Kratom Is Not a Safe Pain Treatment

By and
Tuesday, 30 July 2019 12:05 PM Current | Bio | Archive

Americans have a long history of falling for elixirs that claim to be benign, but in fact are packed with addictive substances.

For example, in the 1830s McMunn's Elixir of Opium was touted for “nervous irritability,” as well as rabies and tetanus, and Mrs.
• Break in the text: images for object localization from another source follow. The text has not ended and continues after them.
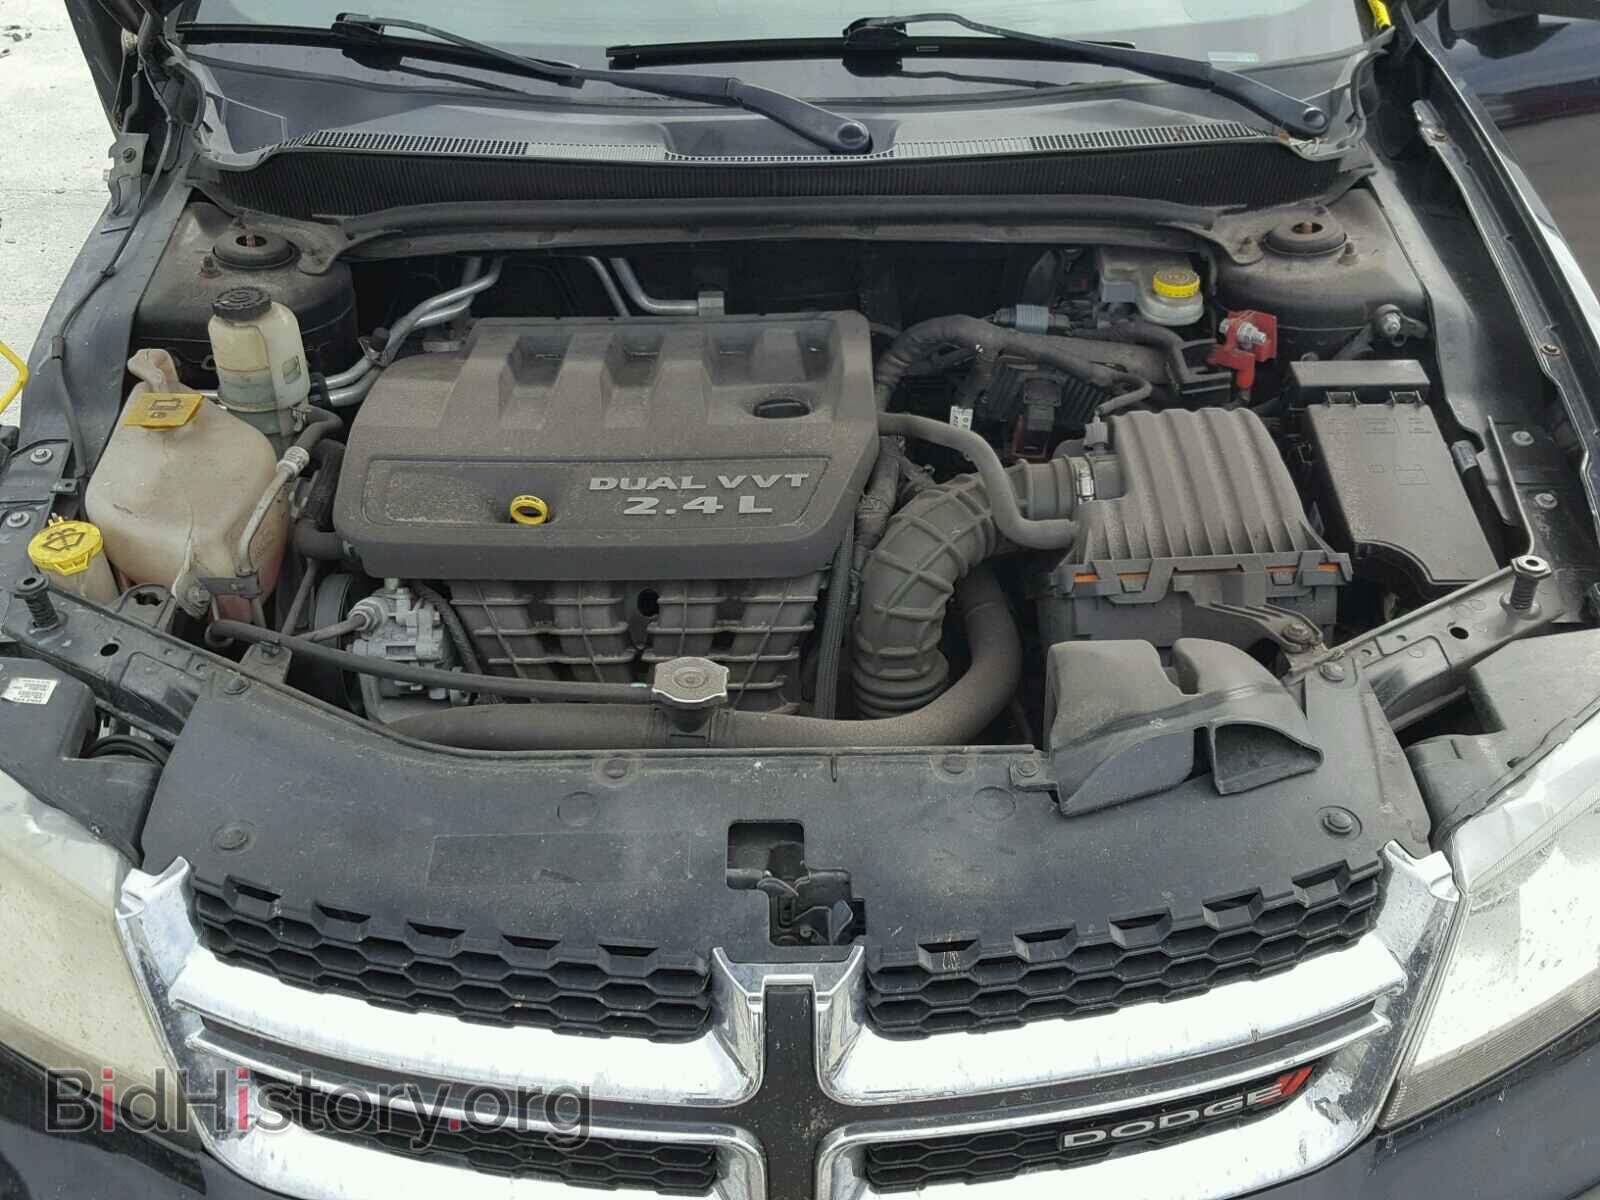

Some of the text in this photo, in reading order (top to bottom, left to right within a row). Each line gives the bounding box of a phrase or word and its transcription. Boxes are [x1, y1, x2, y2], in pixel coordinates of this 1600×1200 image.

[589, 473, 809, 491] DUAL VVT
[1063, 1083, 1283, 1148] DODGE
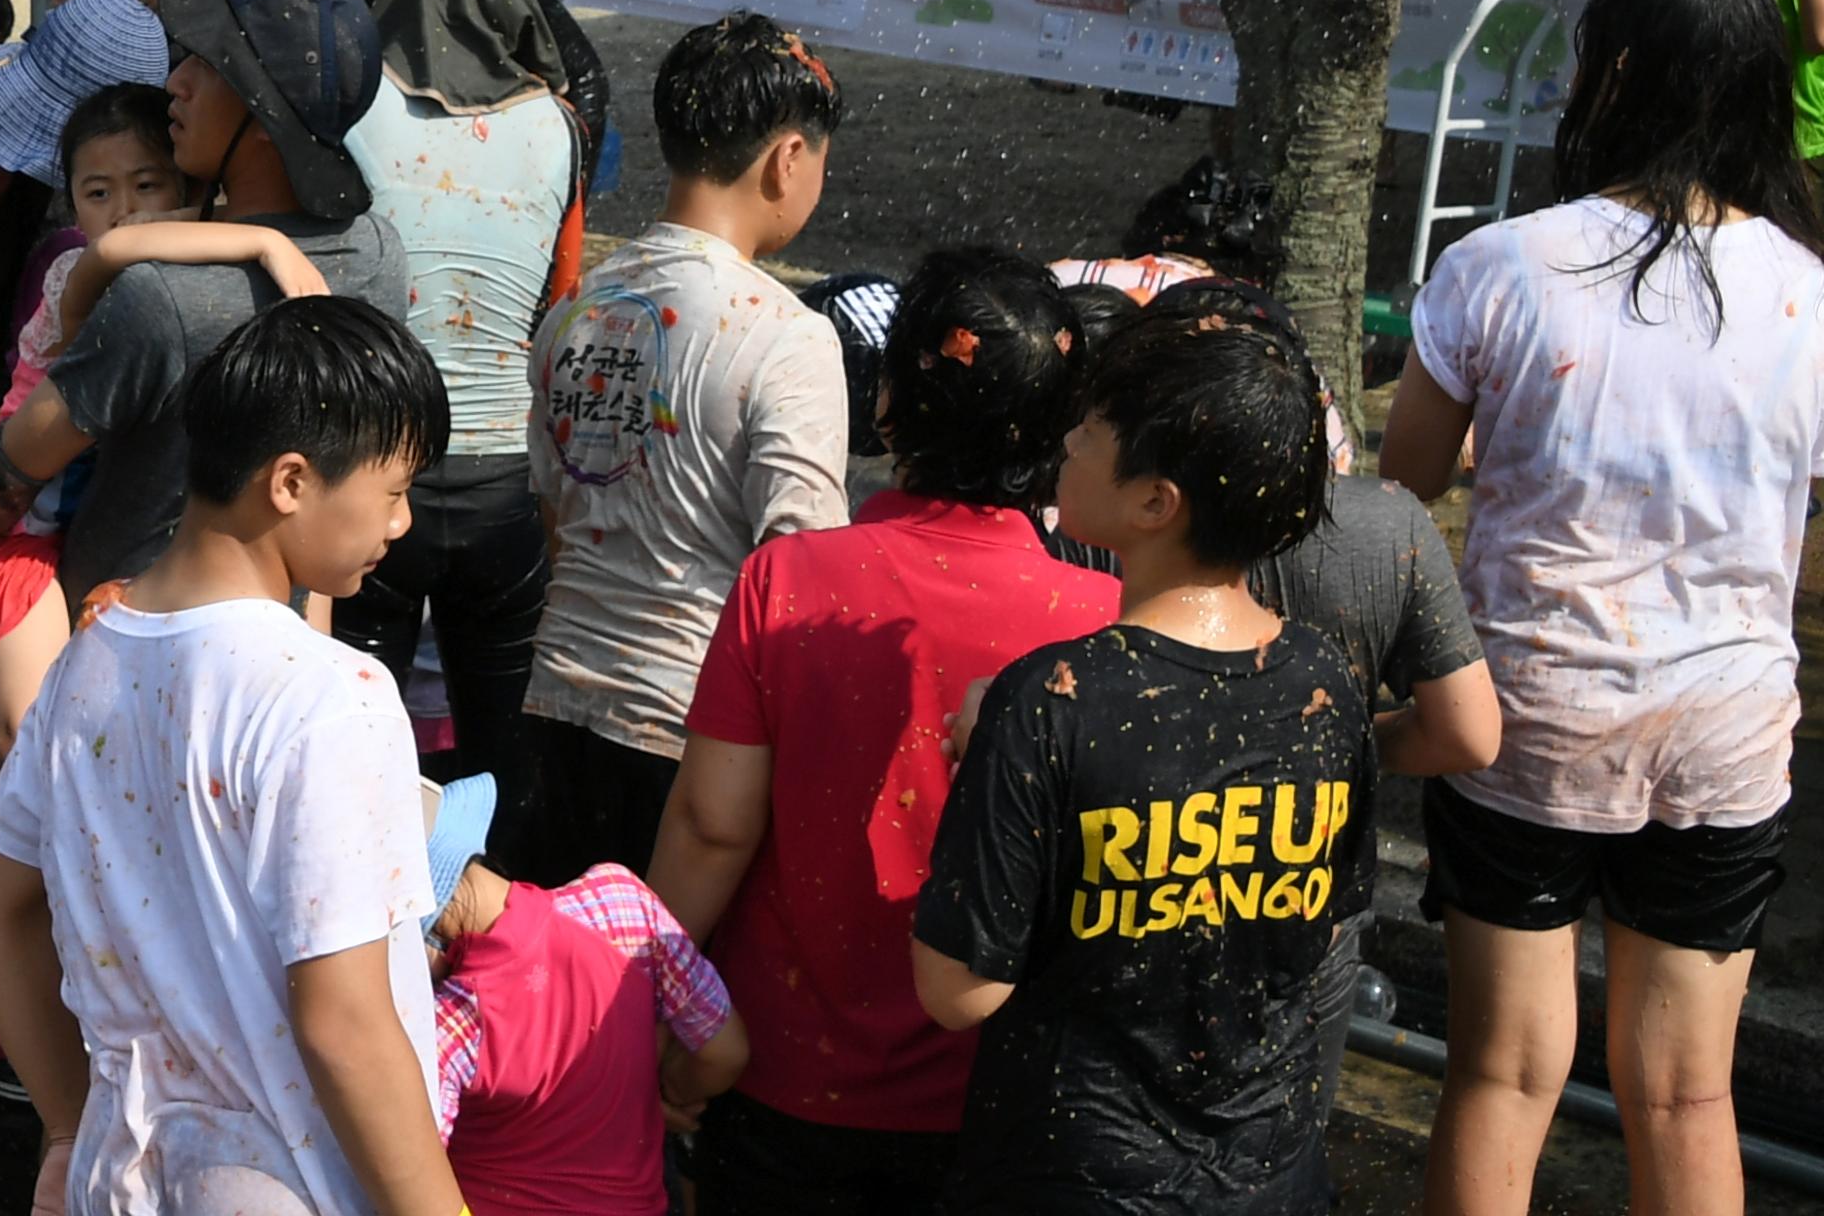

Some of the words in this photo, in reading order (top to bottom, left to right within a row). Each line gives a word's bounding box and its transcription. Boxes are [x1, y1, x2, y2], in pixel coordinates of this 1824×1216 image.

[555, 344, 645, 382] 성균관
[1079, 786, 1263, 885] RISE
[1271, 781, 1350, 864] UP
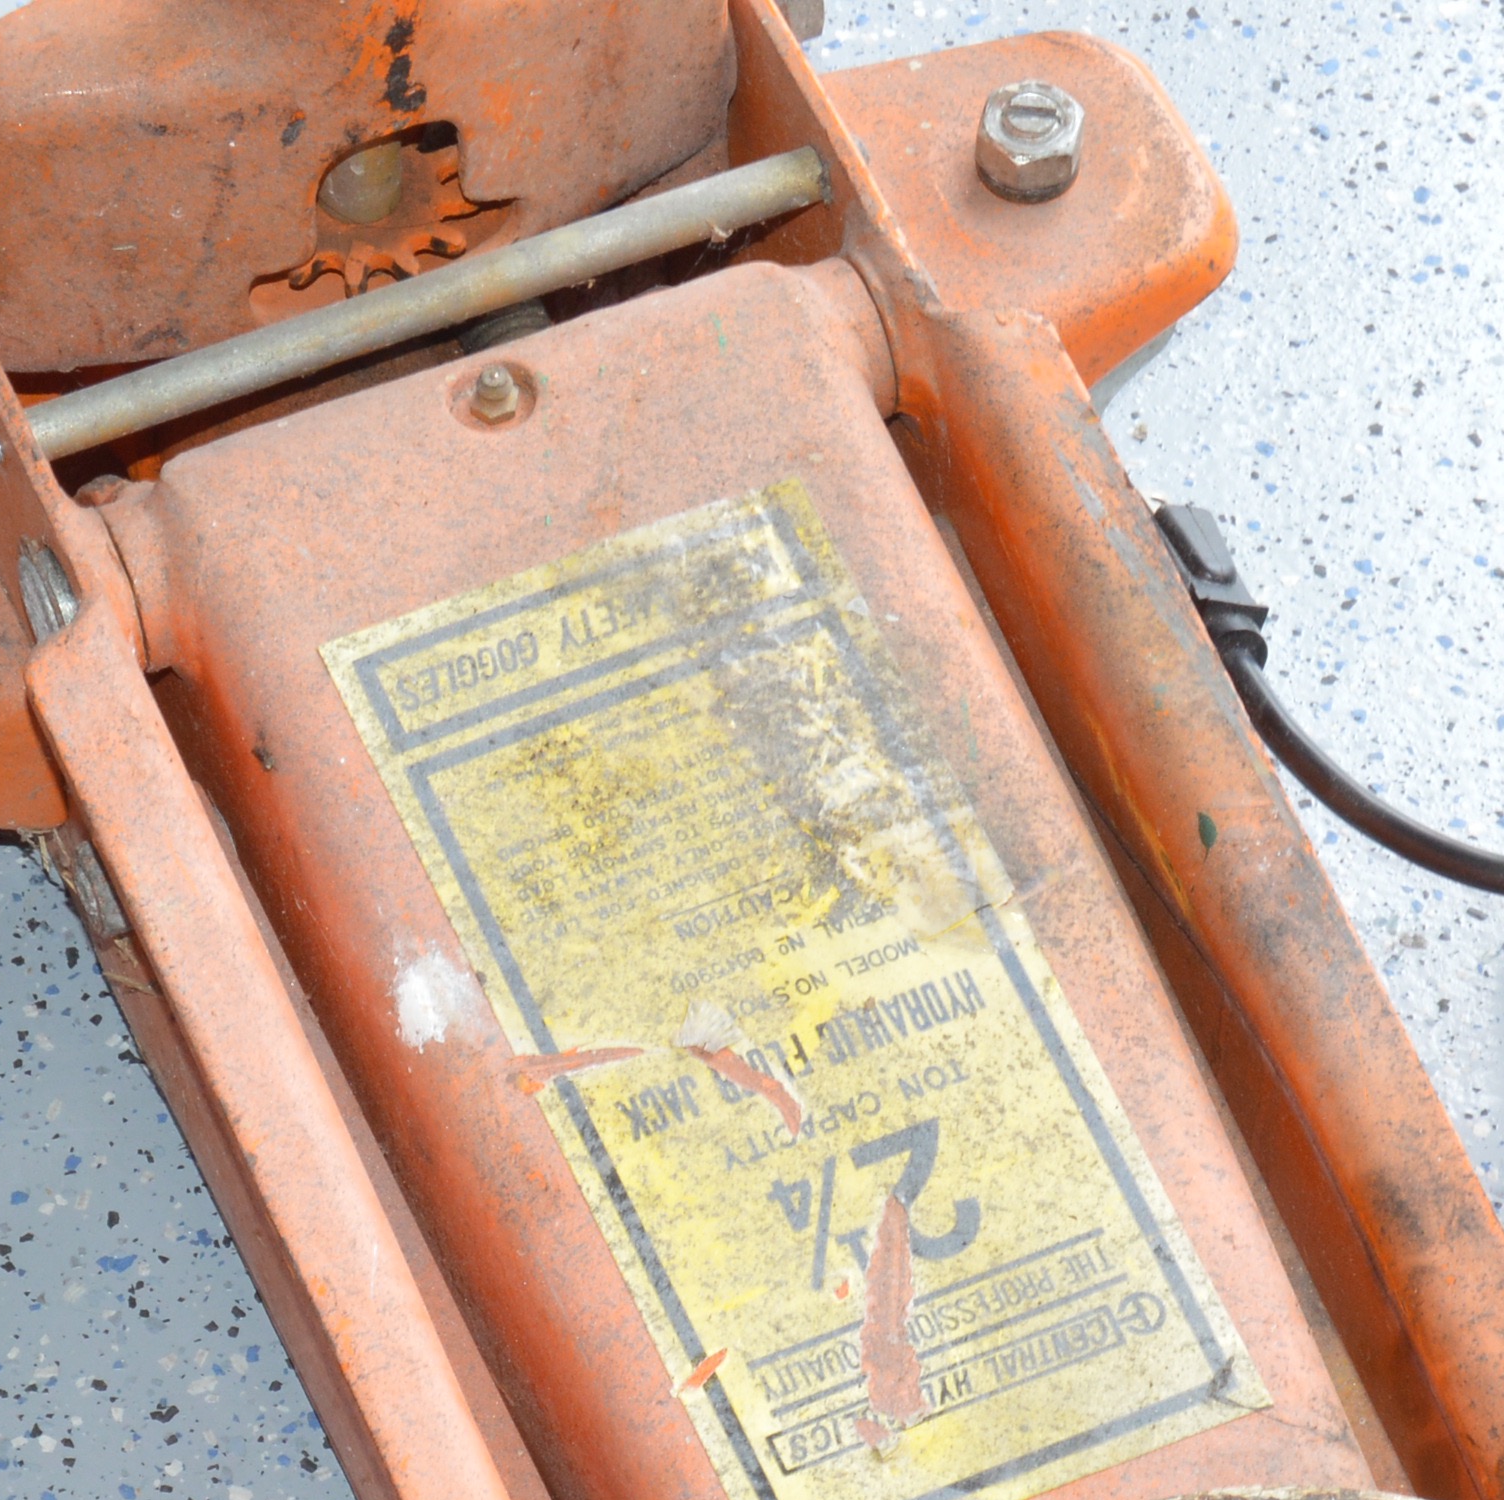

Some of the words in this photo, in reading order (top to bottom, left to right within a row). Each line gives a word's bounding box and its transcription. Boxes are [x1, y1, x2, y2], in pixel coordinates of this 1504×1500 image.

Winslow's Soothing Syrup — a morphine and alcohol concoction — was touted for fussy kids.

Today, we have kratom, a plant with active compounds mitragynine and 7-hydroxymitragynine, which affect the same opioid brain receptors as morphine, causing sedation and pleasure as well as decreasing pain when taken in large enough doses.

Hence, it's potentially addictive.

The Food and Drug Administration says kratom is illegal to sell as a medical remedy for pain, cancer, or whatever else occurs to the vendor.

They also caution that kratom-associated deaths (44 to date) seem to happen when it's combined with illicit drugs, opioids, benzodiazepines, alcohol, gabapentin, and over-the-counter medications such as cough syrup, or when it is contaminated with undeclared (and lethal) ingredients.

In addition, the heavy metals lead and nickel have been found in kratom, and there was a 2018 alert for a multistate outbreak of salmonella infections from contaminated kratom products.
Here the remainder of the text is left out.